> _What to work on_: Write out all the entries word for word and omit any pictures.

*** Opening of Supplied data ***

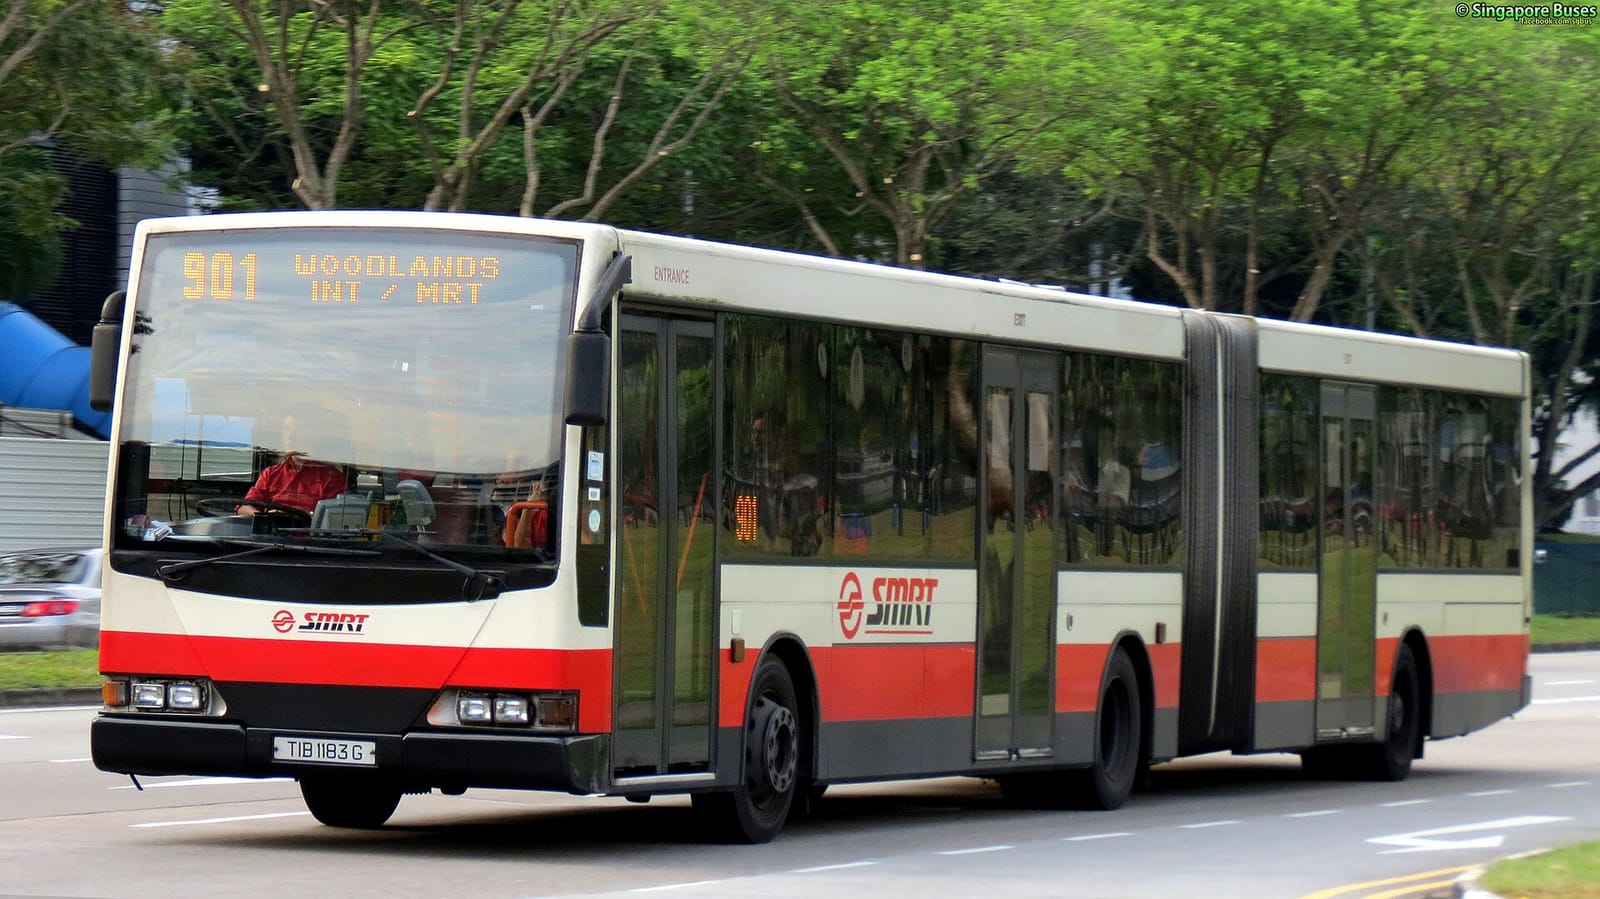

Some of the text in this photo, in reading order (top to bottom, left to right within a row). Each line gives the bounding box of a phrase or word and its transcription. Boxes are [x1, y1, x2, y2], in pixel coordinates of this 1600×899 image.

[183, 252, 257, 300] 901
[295, 254, 500, 278] WOODLANDS
[654, 266, 689, 284] ENTRANCE
[312, 280, 362, 302] INT
[416, 282, 483, 304] MRT
[866, 578, 938, 625] SMRT
[299, 612, 370, 632] SMRT

*** Close of Supplied data ***

> _Solution to the exercise_:
Some of the text in this photo, in reading order (top to bottom, left to right within a row). Each line gives the bounding box of a phrase or word and its transcription. Boxes are [x1, y1, x2, y2], in pixel coordinates of this 1600×899 image.

[183, 252, 257, 300] 901
[295, 254, 500, 278] WOODLANDS
[654, 266, 689, 284] ENTRANCE
[312, 280, 362, 302] INT
[416, 282, 483, 304] MRT
[866, 578, 938, 625] SMRT
[299, 612, 370, 632] SMRT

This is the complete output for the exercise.